> **What to produce**: Repeat the data word for word. Do not include the pictures.

> **Phrase grounding data**:
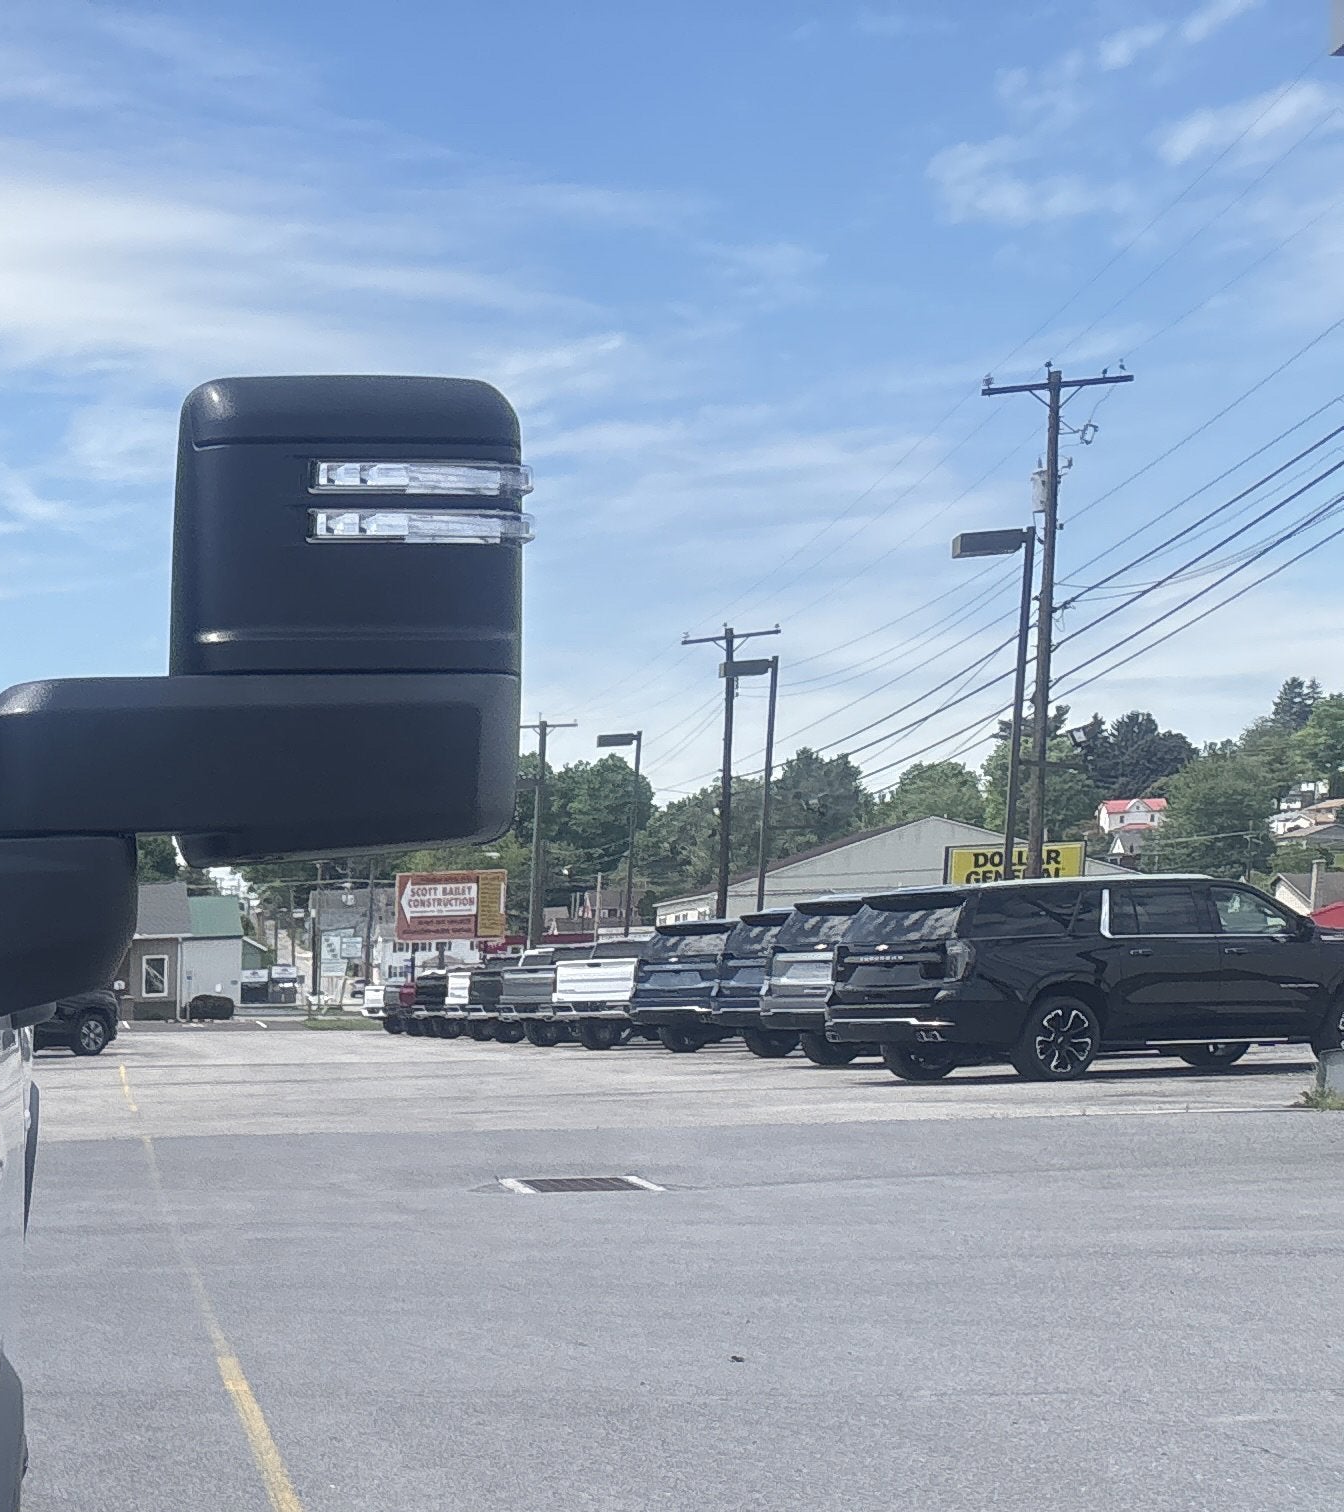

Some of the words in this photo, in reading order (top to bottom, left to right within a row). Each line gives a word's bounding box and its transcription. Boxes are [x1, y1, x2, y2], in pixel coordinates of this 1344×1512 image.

[973, 849, 1061, 868] DOLR
[410, 887, 438, 897] SCOTT
[442, 886, 472, 896] BAILEY
[408, 897, 475, 908] CONSTRUCTION

> **Solution to this exercise**:
Some of the words in this photo, in reading order (top to bottom, left to right within a row). Each line gives a word's bounding box and its transcription. Boxes are [x1, y1, x2, y2], in pixel coordinates of this 1344×1512 image.

[973, 849, 1061, 868] DOLR
[410, 887, 438, 897] SCOTT
[442, 886, 472, 896] BAILEY
[408, 897, 475, 908] CONSTRUCTION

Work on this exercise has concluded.